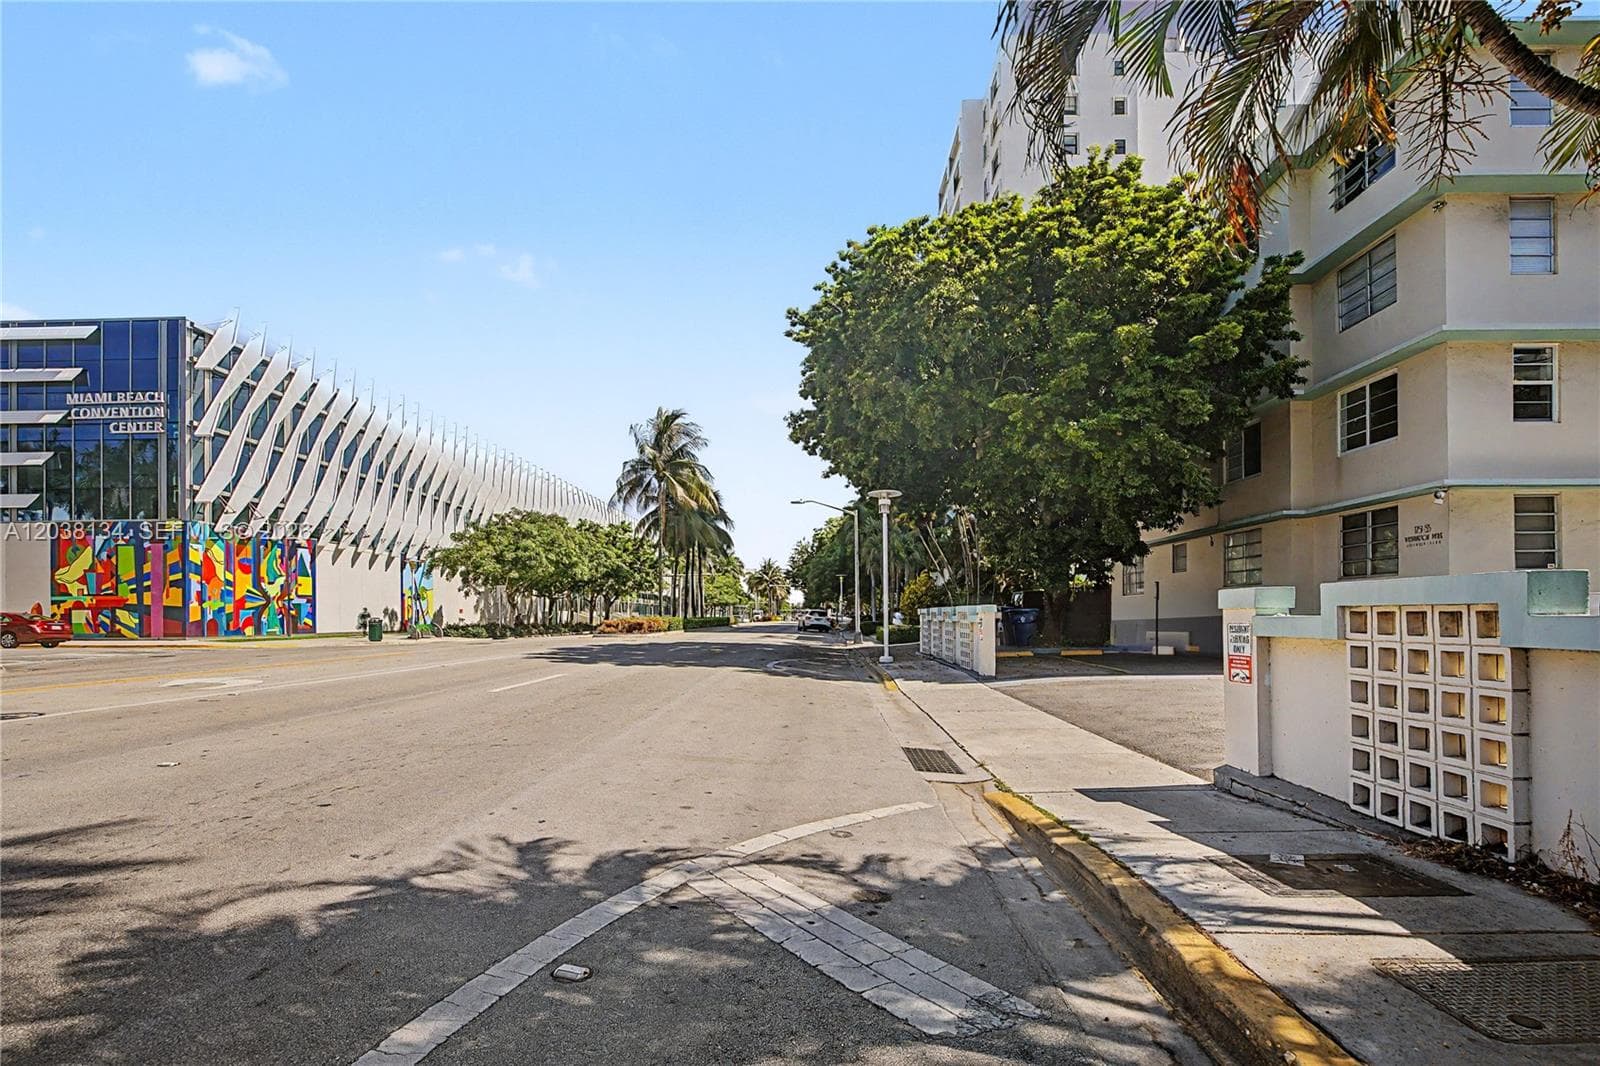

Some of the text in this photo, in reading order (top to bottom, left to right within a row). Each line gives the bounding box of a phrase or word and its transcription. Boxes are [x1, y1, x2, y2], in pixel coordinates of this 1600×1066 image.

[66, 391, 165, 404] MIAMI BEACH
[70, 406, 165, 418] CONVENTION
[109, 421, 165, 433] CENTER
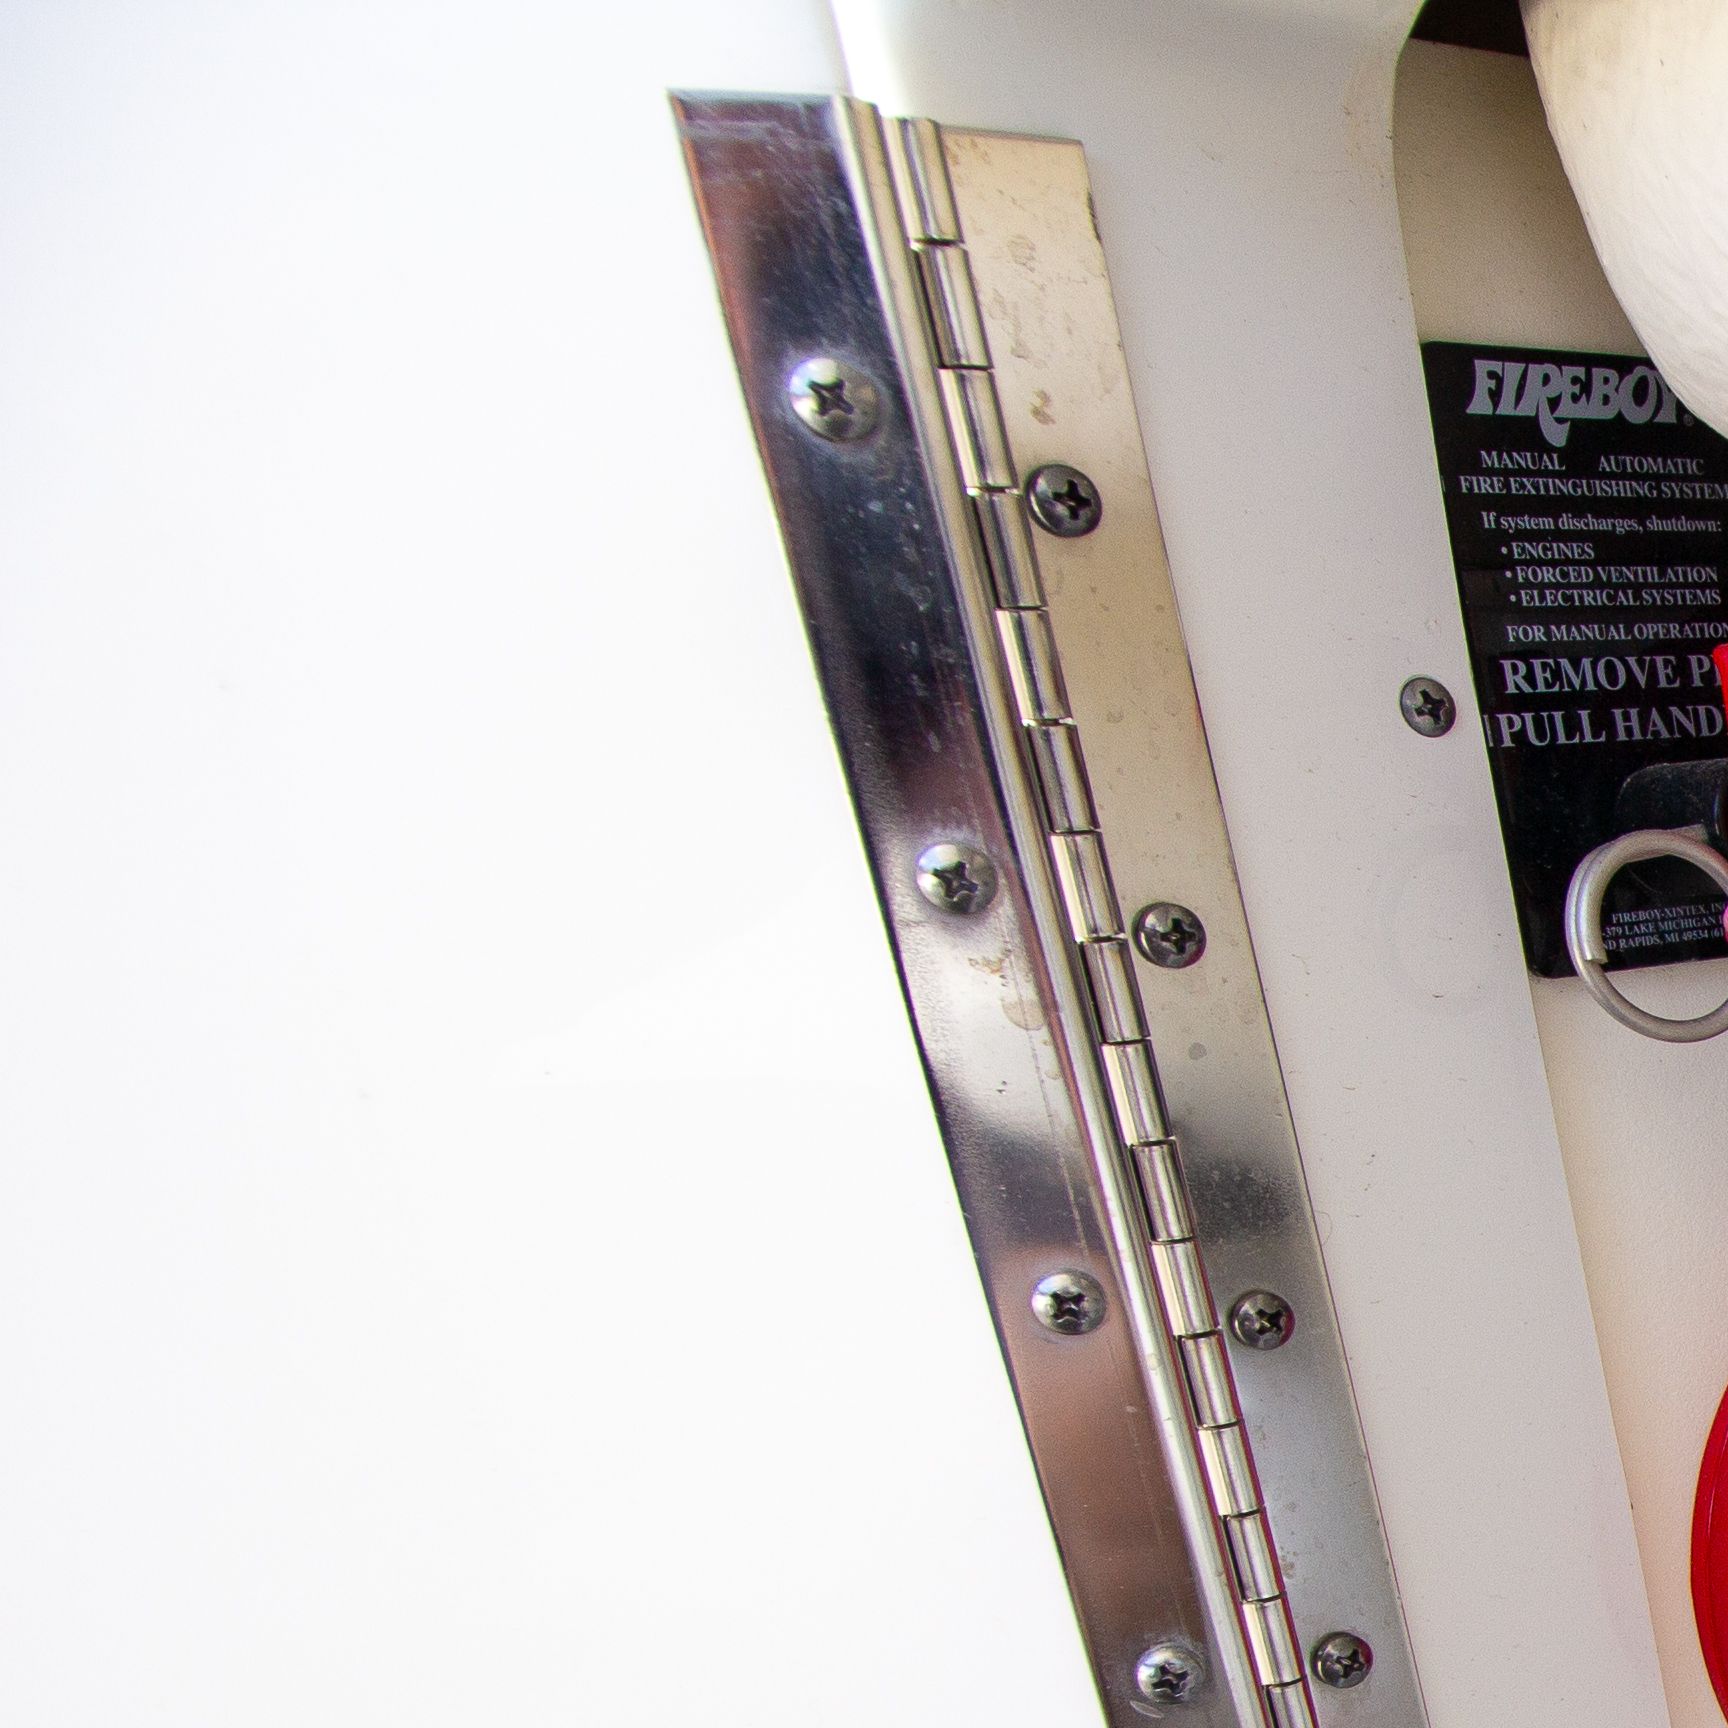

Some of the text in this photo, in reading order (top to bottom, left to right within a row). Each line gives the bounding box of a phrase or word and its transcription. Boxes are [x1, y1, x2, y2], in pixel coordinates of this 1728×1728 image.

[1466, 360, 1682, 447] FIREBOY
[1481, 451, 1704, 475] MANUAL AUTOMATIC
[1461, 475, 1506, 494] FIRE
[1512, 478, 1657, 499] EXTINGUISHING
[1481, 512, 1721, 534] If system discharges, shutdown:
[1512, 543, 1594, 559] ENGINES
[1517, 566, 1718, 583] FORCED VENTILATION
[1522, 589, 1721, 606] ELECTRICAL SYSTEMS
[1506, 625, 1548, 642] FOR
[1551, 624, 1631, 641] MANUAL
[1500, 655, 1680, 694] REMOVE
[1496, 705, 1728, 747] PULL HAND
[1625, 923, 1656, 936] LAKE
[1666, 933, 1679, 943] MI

+++

> _Work instructions_: Return exactly the run of lines that opens with the one containing "this 1728×1728 image." and closes with the last line of the records above.

> _Response area_:
Some of the text in this photo, in reading order (top to bottom, left to right within a row). Each line gives the bounding box of a phrase or word and its transcription. Boxes are [x1, y1, x2, y2], in pixel coordinates of this 1728×1728 image.

[1466, 360, 1682, 447] FIREBOY
[1481, 451, 1704, 475] MANUAL AUTOMATIC
[1461, 475, 1506, 494] FIRE
[1512, 478, 1657, 499] EXTINGUISHING
[1481, 512, 1721, 534] If system discharges, shutdown:
[1512, 543, 1594, 559] ENGINES
[1517, 566, 1718, 583] FORCED VENTILATION
[1522, 589, 1721, 606] ELECTRICAL SYSTEMS
[1506, 625, 1548, 642] FOR
[1551, 624, 1631, 641] MANUAL
[1500, 655, 1680, 694] REMOVE
[1496, 705, 1728, 747] PULL HAND
[1625, 923, 1656, 936] LAKE
[1666, 933, 1679, 943] MI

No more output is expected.